Lentamente, una figura humana se materializó sentada allí. Era una hermosa joven vestida de una extraña manera. Llevaba un disfraz que reconocí como el de colombina. Blanco y adornado con numerosos pompones de terciopelo negro. Lucía una corta melenita oscura que enmarcaba su rostro pálido. Se mecía en la silla con una mano sobre su pecho y lloraba. Grandes lágrimas se deslizaban continuamente por sus mejillas. La visión no duró ni medio minuto y se desvaneció.
Pensé que había soñado. No podía ser.  ¡Un fantasma! esas cosas no pasaban en el siglo veintiuno. . . Me reí de mí mismo y resolví que lo mejor era acostarme. Pero, me dormí con la imagen vívida de esa carita triste, de esos ojos oscuros que manaban lágrimas sin cesar.
Varias noches después, cuando me encontraba bien despierto, un leve crujido en la silla mecedora me hizo apartar la vista del teclado. Ahí estaba de nuevo la colombina triste, siempre llorando con una mano sobre su corazón. Ahora permaneció un rato mirándome y creí ver una súplica en sus ojos. ¿Qué me preguntaba? ¿Qué me pedía?

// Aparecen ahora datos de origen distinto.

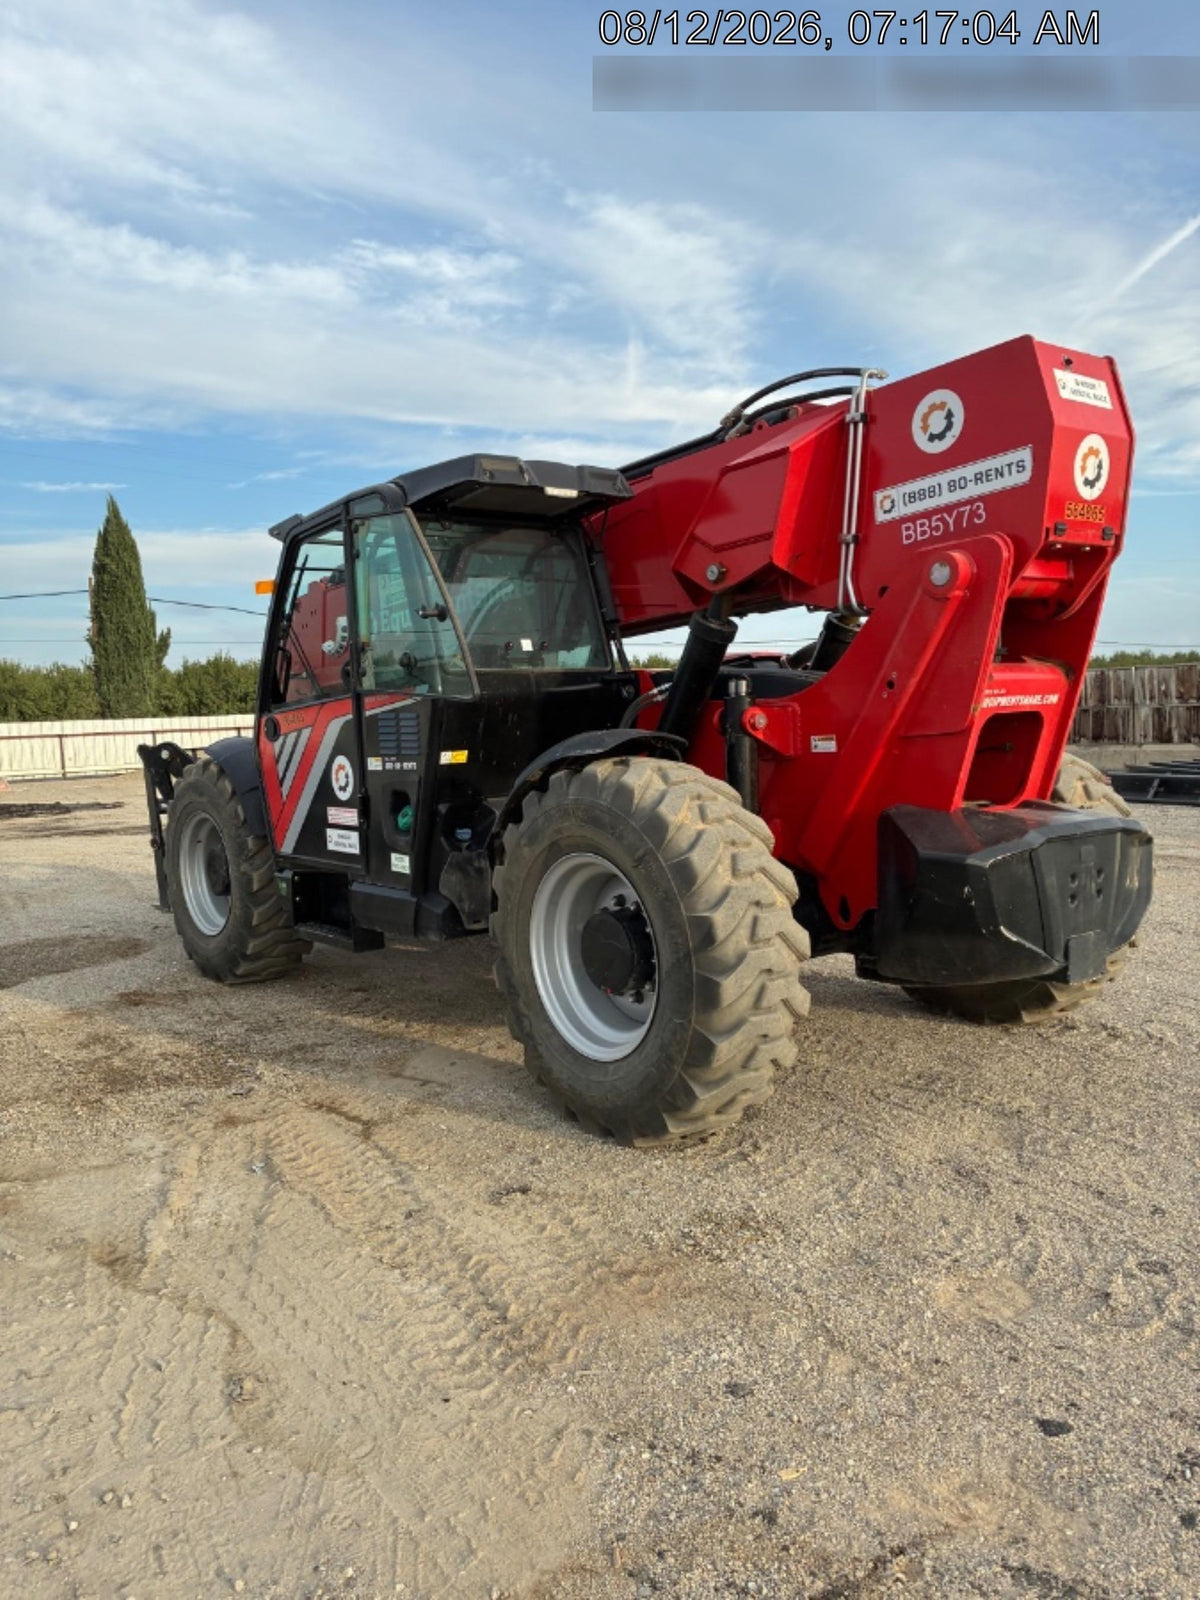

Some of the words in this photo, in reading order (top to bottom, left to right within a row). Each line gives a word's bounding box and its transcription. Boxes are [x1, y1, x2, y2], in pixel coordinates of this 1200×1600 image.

Esa noche me desvelé y decidí ir al otro día a hablar con la antigua dueña de la silla. El conserje me informó que se llamaba Paulina. Como era Sábado, no fue difícil encontrarla en su casa.
Cuando me abrió la puerta, le dije irónico:
-Vengo a pagarle lo que le debo.
-Pero ¿cómo? Si me pagó al contado.
-Sí, pero aún no le pago por el fantasma que me vendió con la silla. . . O talvez sea mejor que se la devuelva-agregué molesto.
Se puso pálida, luego roja y esos cambios de color me hicieron pensar en una rosa abriéndose al sol. Perdonen lo cursi, pero si Uds. hubieran visto lo linda que se veía. . . . !
Me hizo pasar y me pidió que le explicara todo.
Al terminar le pregunté:
-¿Será el fantasma de su abuelita?
. -No-Me dijo. Ella murió muy viejita y la descripción que Ud. me hace no corresponde a sus fotografías de juventud.
Se quedó pensando unos momentos y luego agregó:
-Mis papás murieron en un accidente cuando yo era niña y me crié en la casa de mi abuelita. Tengo todas sus cosas, entre ellas, unos álbums de fotos. Los traeré. ¿Cómo sabe si en ellos Ud. reconoce a la colombina que llora?
Trajo un álbum muy antiguo, forrado en cuero descolorido. Pasamos sus páginas, llenas de señores de bigote engomado, niños vestidos de marinero y señoras majestuosas envueltas en encajes. De pronto, llegamos a una enorme foto que ocupaba la página entera. Debajo se leía:"Baile de disfraces en el palacio Concha Cazote"
Un grupo abigarrado miraba a la cámara, sonriendo. Jeques árabes, damas de la corte de Luis Quince, japoneses, bailarinas. . . y de pronto, en un costado de la fotografía ví a mi fantasma. Una hermosa joven vestida de colombina miraba a los ojos a un apuesto pierrot.
-¡Es ella!-exclamé.
-¡La tía Fanny !-dijo Paulina, y de nuevo palideció y enrojeció seductoramente-¡Debí haberlo adivinado!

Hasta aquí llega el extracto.